Its personalities are feted like the figures of Greek myth. Good players are "heroes"; great ones are "legends".
It's all very amusing, but what happens when we really need those words to give our acclaim to someone. When a tricky winger is a genius or a workmanlike midfielder is a demigod, where do you go for the true greats?
Last weekend, football lost one of its greatest figures. Bill Nicholson wasn't as well-known outside the game as Bill Shankly or Brian Clough, but he could at the very least stand alongside them.
Spurs aren't a very fashionable club in media circles, so the opinions of the former Tottenham Hotspur boss weren't often sought out. And the quiet, self-effacing Yorkshireman wasn't likely to foist his views on others.
It would be wrong to describe his death as a tragedy; he was 85 and had achieved more in his life and career than many of us could dream of.
Yet his passing is a moment of great sadness, especially for us fans of the club he embodied.
When Nicholson took over as manager in 1958, Tottenham were fourth from bottom. His first game was a 10-4 win over Everton, after which reportedly his only comment was that "the defence needs looking at".
Three years later, Spurs not only sat at the top of the league, but also won the FA Cup, the first club since Aston Villa in 1897 to do the coveted Double.
A couple of seasons after that, his side became the first British club ever to win a European trophy, when they lifted the Cup Winners' Cup.
Yes, other teams have matched and even surpassed those triumphs, but Spurs - thanks to Bill Nicholson - did them first.
And those feats alone would cement his place in the hearts of Spurs fans everywhere. But Billy Nick, as he was often fondly referred to, was also one of the game's great characters.
Unlike so many great managers, he was a successful player, winning a league championship title - also with Spurs - and scoring against Portugal on his sole England appearance.
And unlike just about anybody in the modern game, he spent his entire career with the one club, joining the ranks of Tottenham as a 16-year-old and moving smoothly into the coaching set-up when his playing days ended.
His resignation as manager came in 1974, when the decent old-style gentleman came face to face with the uglier side of modern football.

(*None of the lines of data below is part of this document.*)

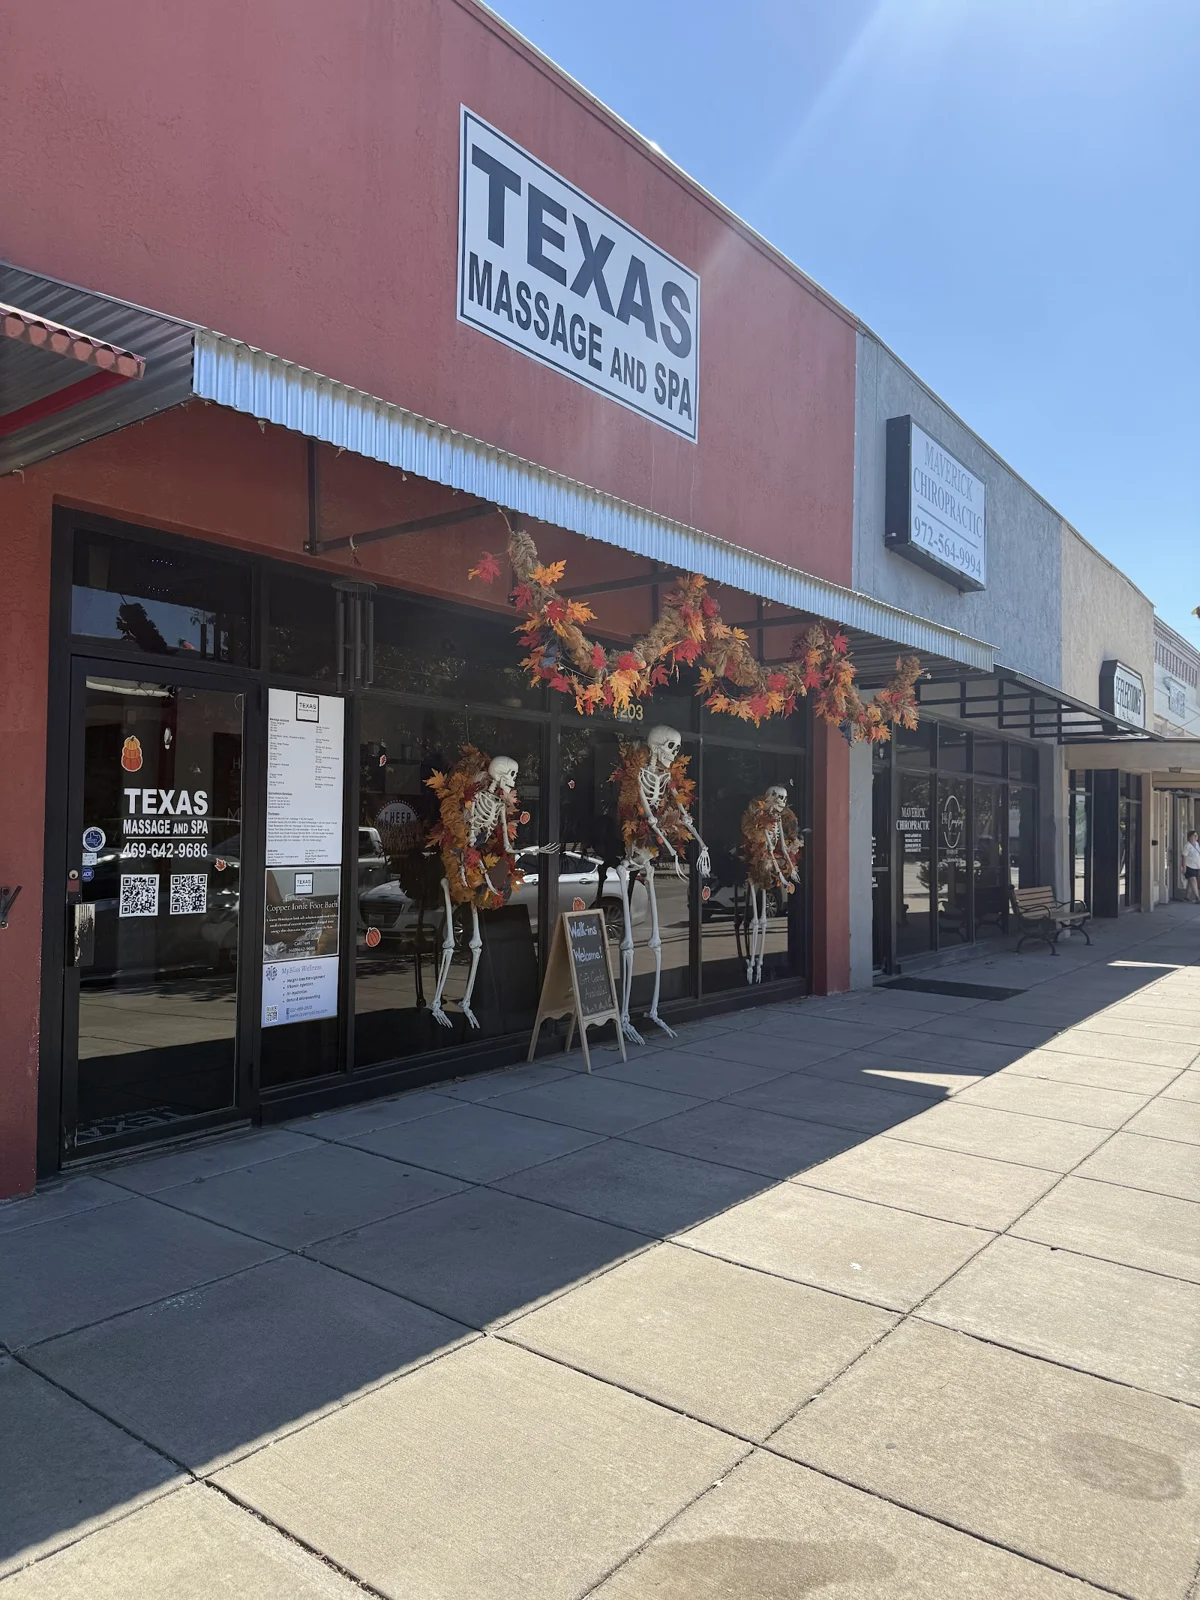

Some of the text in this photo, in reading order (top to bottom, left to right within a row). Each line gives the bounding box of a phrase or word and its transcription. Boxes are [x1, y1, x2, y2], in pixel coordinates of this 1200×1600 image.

[471, 142, 692, 359] TEXAS
[468, 250, 693, 421] MASSAGE AND SPA
[924, 441, 973, 501] MAVERICK
[913, 467, 983, 539] CHIROPRACTIC
[914, 516, 982, 577] 972-564-9994
[124, 788, 208, 816] TEXAS
[384, 811, 412, 824] CHEER
[901, 806, 926, 818] MAVERICK
[123, 819, 209, 834] MASSAGE AND SPA
[895, 819, 931, 831] CHIROPRACTIC
[122, 842, 208, 858] 469-642-9686
[266, 900, 338, 914] Copper Ionic Foot Bath
[567, 921, 598, 938] Walk-ins
[573, 946, 603, 962] Welcome!

Spurs "fans" ran amok in Rotterdam while playing Feyenoord in the UEFA Cup Final, and Nicholson, furious at seeing a few mindless thugs besmirch his club and country, cast off his usual low-profile to appeal for calm over the public address system, ending his appeal with the now-famous phrase: "You people make me ashamed to be an Englishman."
It's said he never had the same enthusiasm for the game afterwards, and quit his post the same year, but he was tempted back to act as the club's chief scout and, eventually in 1991, became club president.

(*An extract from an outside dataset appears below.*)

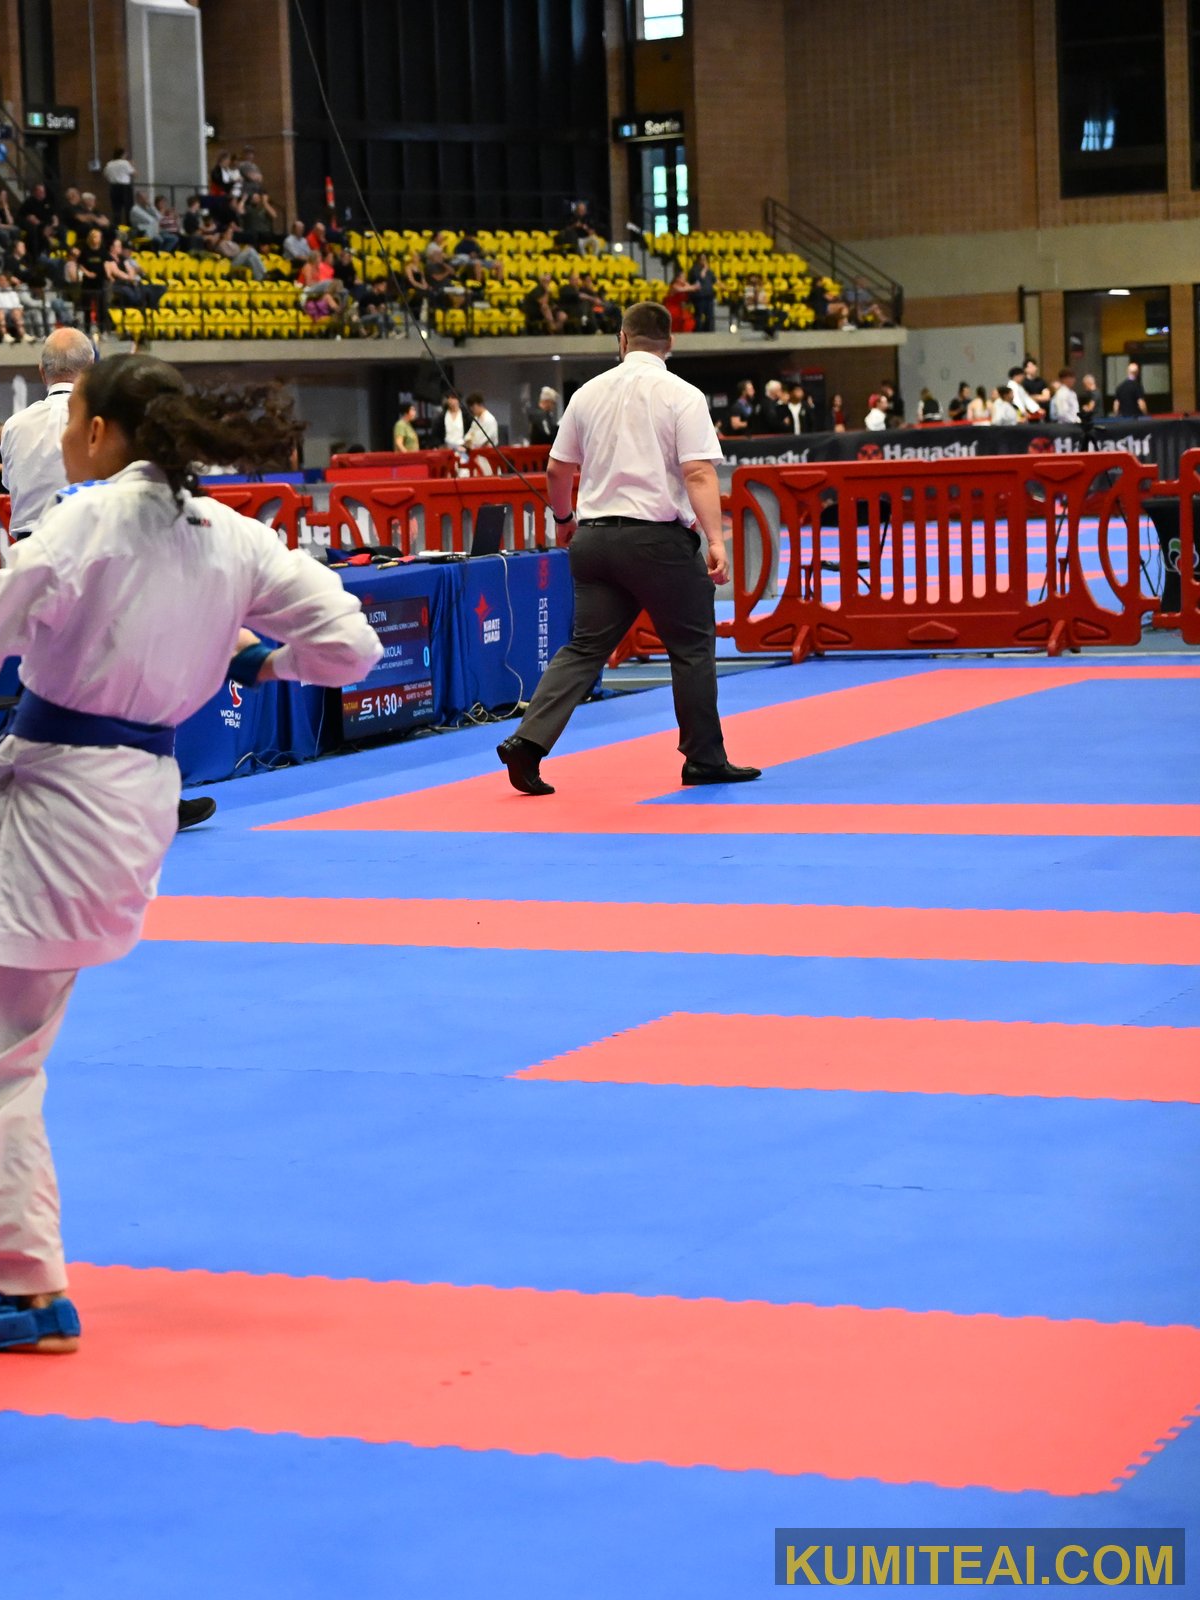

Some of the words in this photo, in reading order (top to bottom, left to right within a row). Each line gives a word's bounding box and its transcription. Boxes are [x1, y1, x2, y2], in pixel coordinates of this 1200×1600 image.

[46, 112, 75, 130] Sortie
[644, 119, 680, 136] Sortie
[883, 441, 979, 463] Hayashi
[423, 646, 430, 668] 0

And all the while this unassuming man lived in a rather ordinary house within walking distance of the club's ground, White Hart Lane, which has long been one of the less salubrious areas of the capital.
Not for him the modern trend of blaming referees for his tribulations; when a controversial decision cost Spurs a vital match and perhaps the league title in 1960, Nicholson shrugged it off and pointed out that the referee was in charge and his decision was final.
Bill Nicholson's legacy will live on as long as Tottenham Hotspur exists and as long as there are football record books.
He was the last great figure of a better, more decent age of football, and a man for whom the word "legend" was not too big at all.
Once, there were giants among us; since Saturday, they are no longer.